Confronting Judicial Review

by Attorney Wilton Strickland
June 6, 2010

 If the states are to have any hope of recovering their lost sovereignty, they must be prepared to confront judicial review, a doctrine that federal courts regularly invoke to “interpret” the Constitution out of all meaningful existence and interfere in matters that are none of the federal government’s business.  The truth of the matter is that judicial review does not entitle the courts to alter or update the Constitution to suit modern times, considering that Article V frames the amendment process and says nothing about judges who deliberate in secret.  Instead, Article V requires supermajorities among the state and federal legislatures to implement constitutional change, and for far too long the courts have usurped this awesome power for themselves.  It has to stop now.

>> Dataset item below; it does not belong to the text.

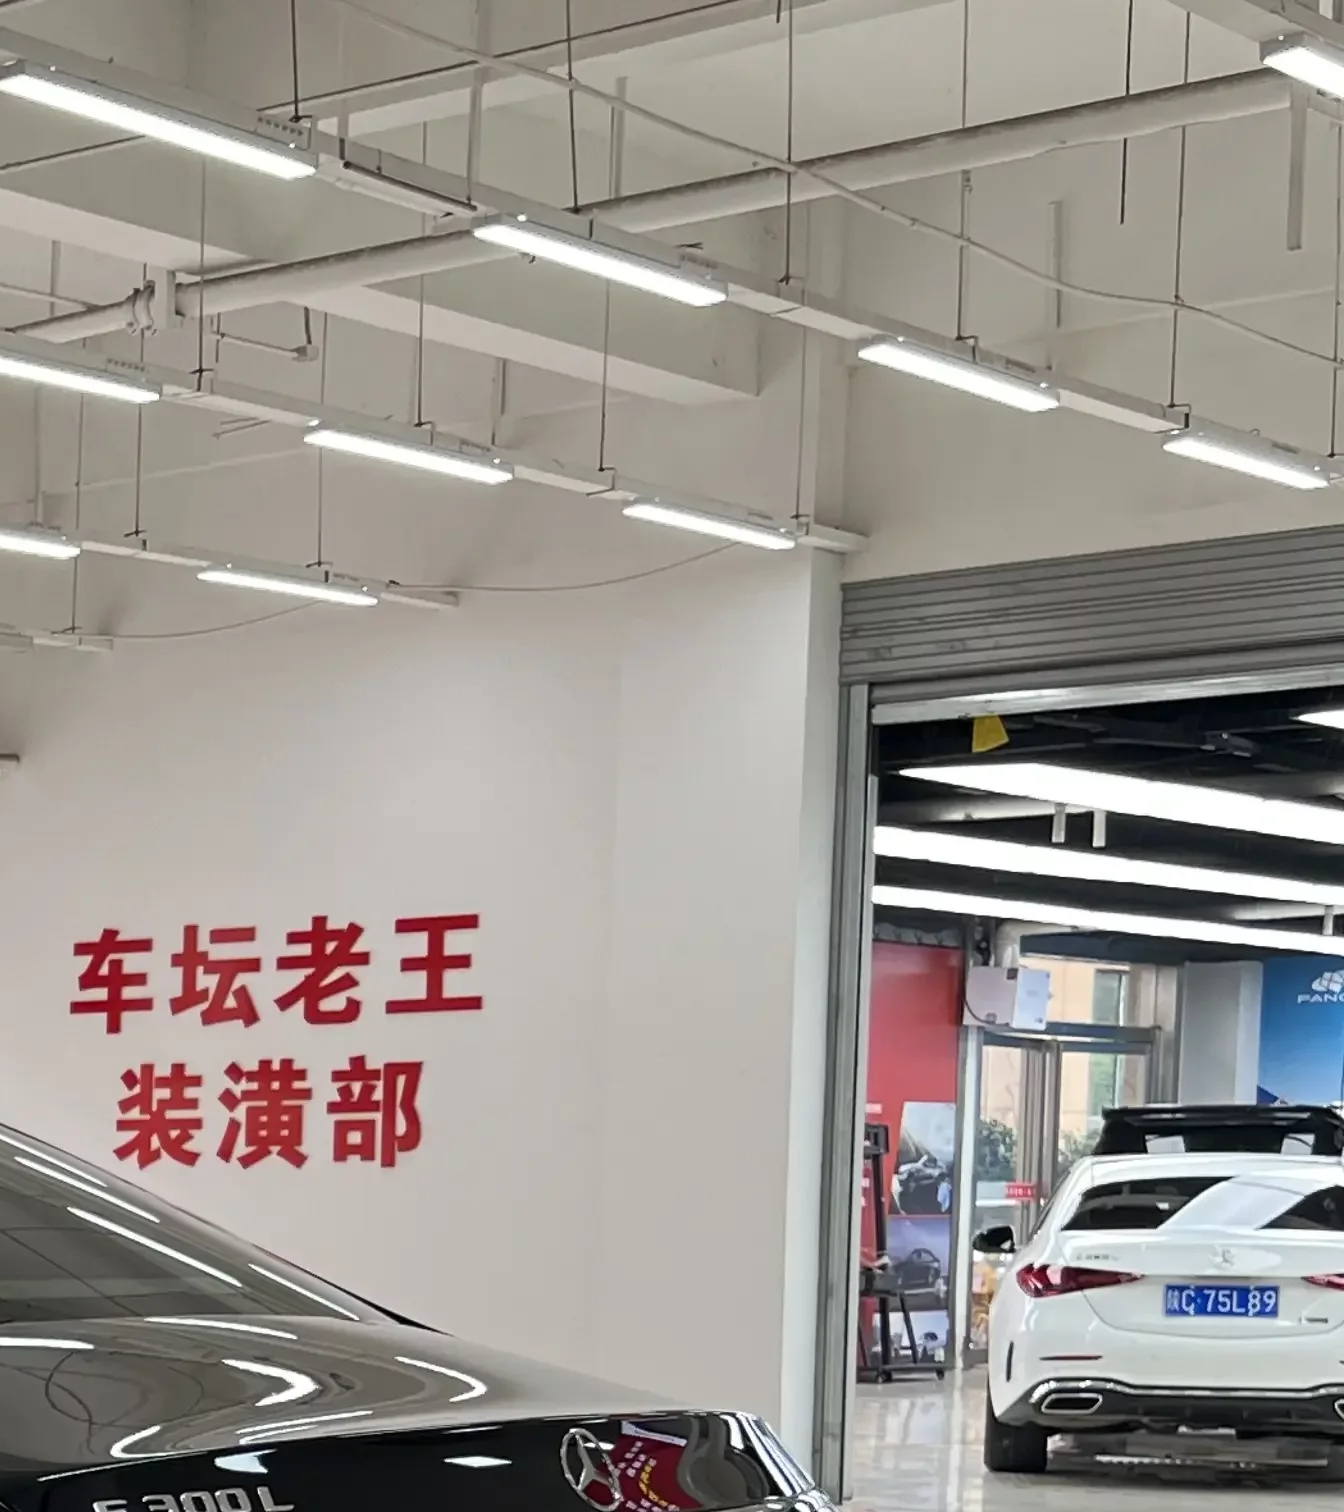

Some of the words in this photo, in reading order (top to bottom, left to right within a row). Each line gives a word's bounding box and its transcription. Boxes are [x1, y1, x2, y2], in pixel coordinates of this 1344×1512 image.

[70, 914, 483, 1035] 车坛老王
[113, 1054, 423, 1169] 装潢部
[256, 1485, 295, 1512] L

 A typical apologist for judicial excess will reflexively cite Chief Justice John Marshall’s 1803 opinion in Marbury v. Madison.  By doing this, the apologist attempts to cloak himself with the prestige of America’s early years and portray the critic as beyond the pale of respectable discourse.  Yet John Marshall declared simply that the court would follow the Constitution rather than a contrary statute; he did not declare that the court may alter the Constitution to suit changing times, and he did not declare that the court’s interpretation of the Constitution binds anyone other than the litigating parties or the lower courts.  The true radicals are the ones who cite Marbury to anoint the court as ultimate arbiter of the Constitution for every man, woman, and child across the land.  No such status is warranted under Marbury or the American experience. 

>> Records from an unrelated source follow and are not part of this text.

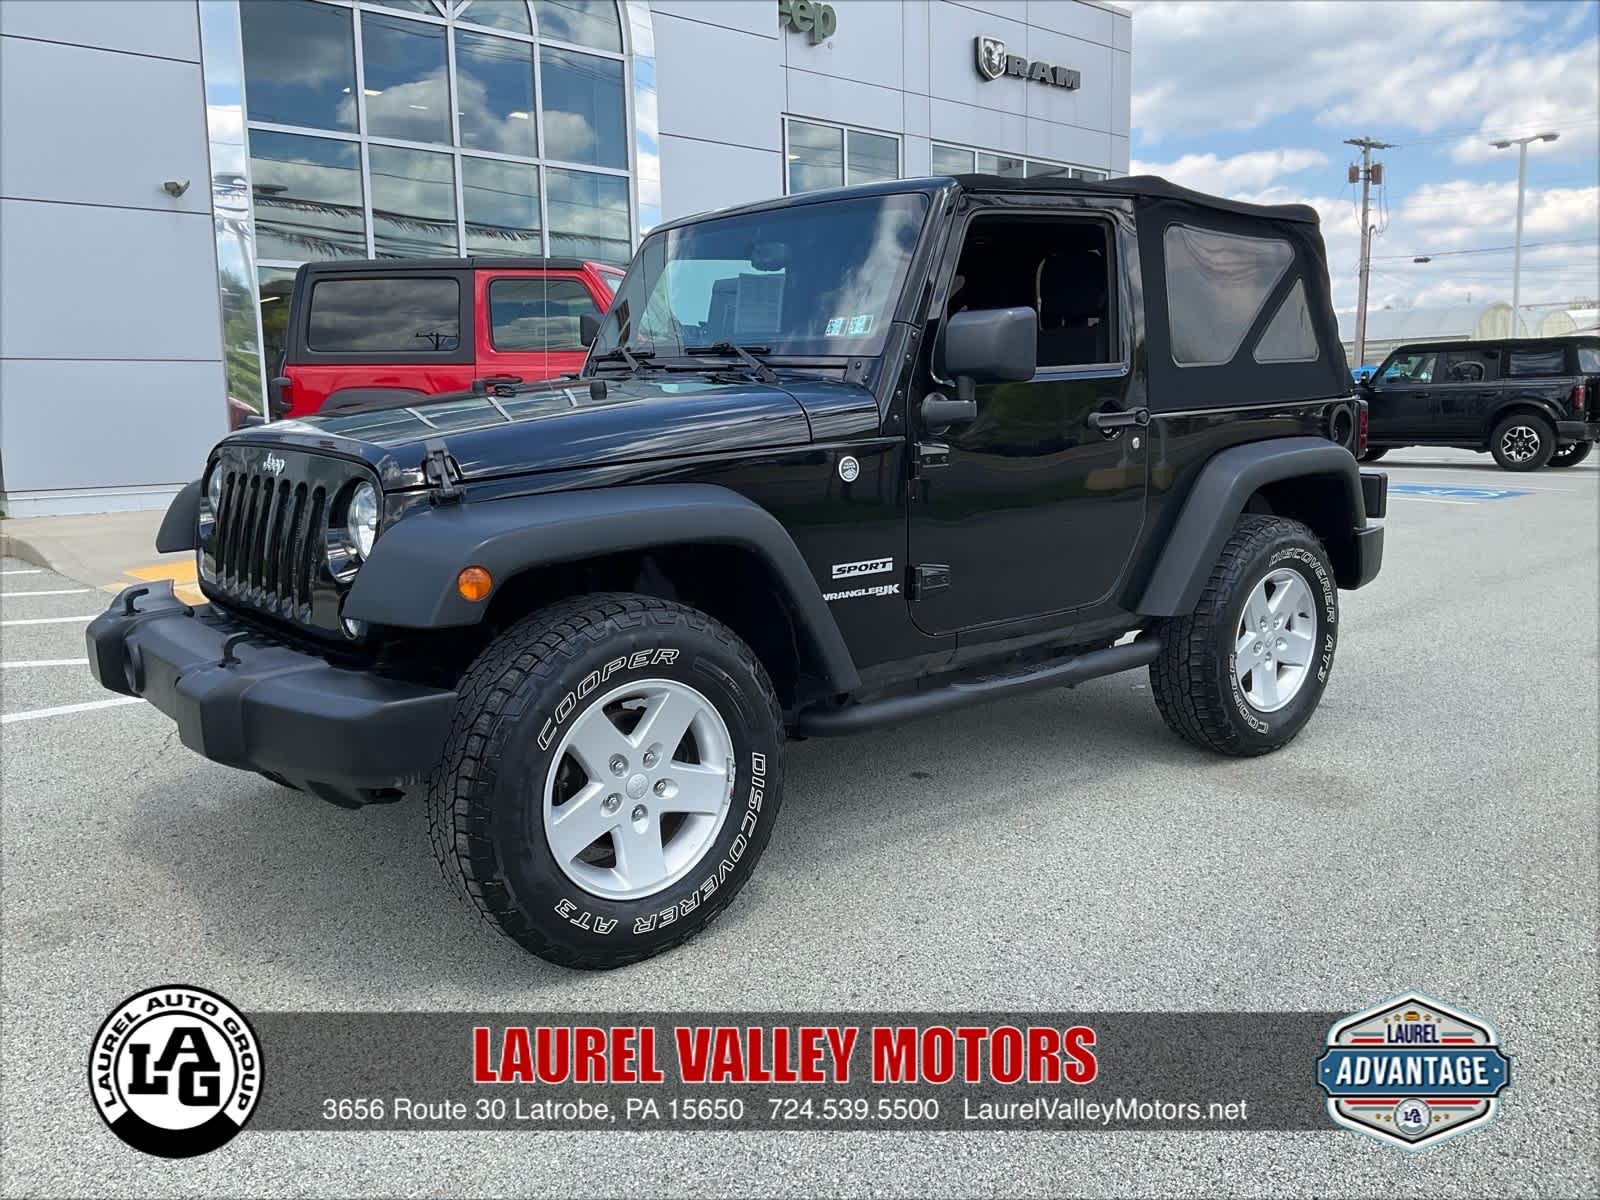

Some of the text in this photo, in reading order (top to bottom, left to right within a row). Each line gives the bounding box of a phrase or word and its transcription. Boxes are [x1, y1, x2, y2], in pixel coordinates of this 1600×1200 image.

[779, 0, 836, 44] eep
[1007, 55, 1080, 88] RAM
[836, 561, 889, 574] SPORT
[1269, 548, 1336, 623] DISCOVERER
[1317, 633, 1334, 682] AT3
[537, 649, 679, 751] COOPER
[633, 752, 766, 934] DISCOVERER
[554, 898, 618, 935] AT3

Properly understood, judicial review is only a tool that courts use to perform their narrow function:  if a statute is held unconstitutional, the ruling court and the lower courts will thereafter refuse to enforce the statute to resolve a case or controversy brought before them.  This does not obligate the rest of America to agree with the ruling court’s interpretation.  If anything, those who swear an oath to uphold the Constitution have a solemn duty not to treat erroneous judicial pronouncements as the law of the land, for the Constitution is superior to the opinions of a single branch of the federal government (which is the very point that John Marshall was trying to make).  Abraham Lincoln understood this when declaring that the Supreme Court’s opinion in Dred Scott v. Sandford would not be allowed to resolve the explosive question of slavery. 

Before that, Andrew Jackson famously refused to help enforce a controversial opinion by none other than John Marshall concerning the Cherokees in Georgia.  If the author of Marbury v. Madison could not expect everyone to adopt his views, the would-be inheritors of his legacy cannot demand the same from us today.  The notion that a mere five votes out of nine on the Supreme Court may amend a Constitution whose own terms require nationwide supermajorities is ridiculous as well as repugnant.  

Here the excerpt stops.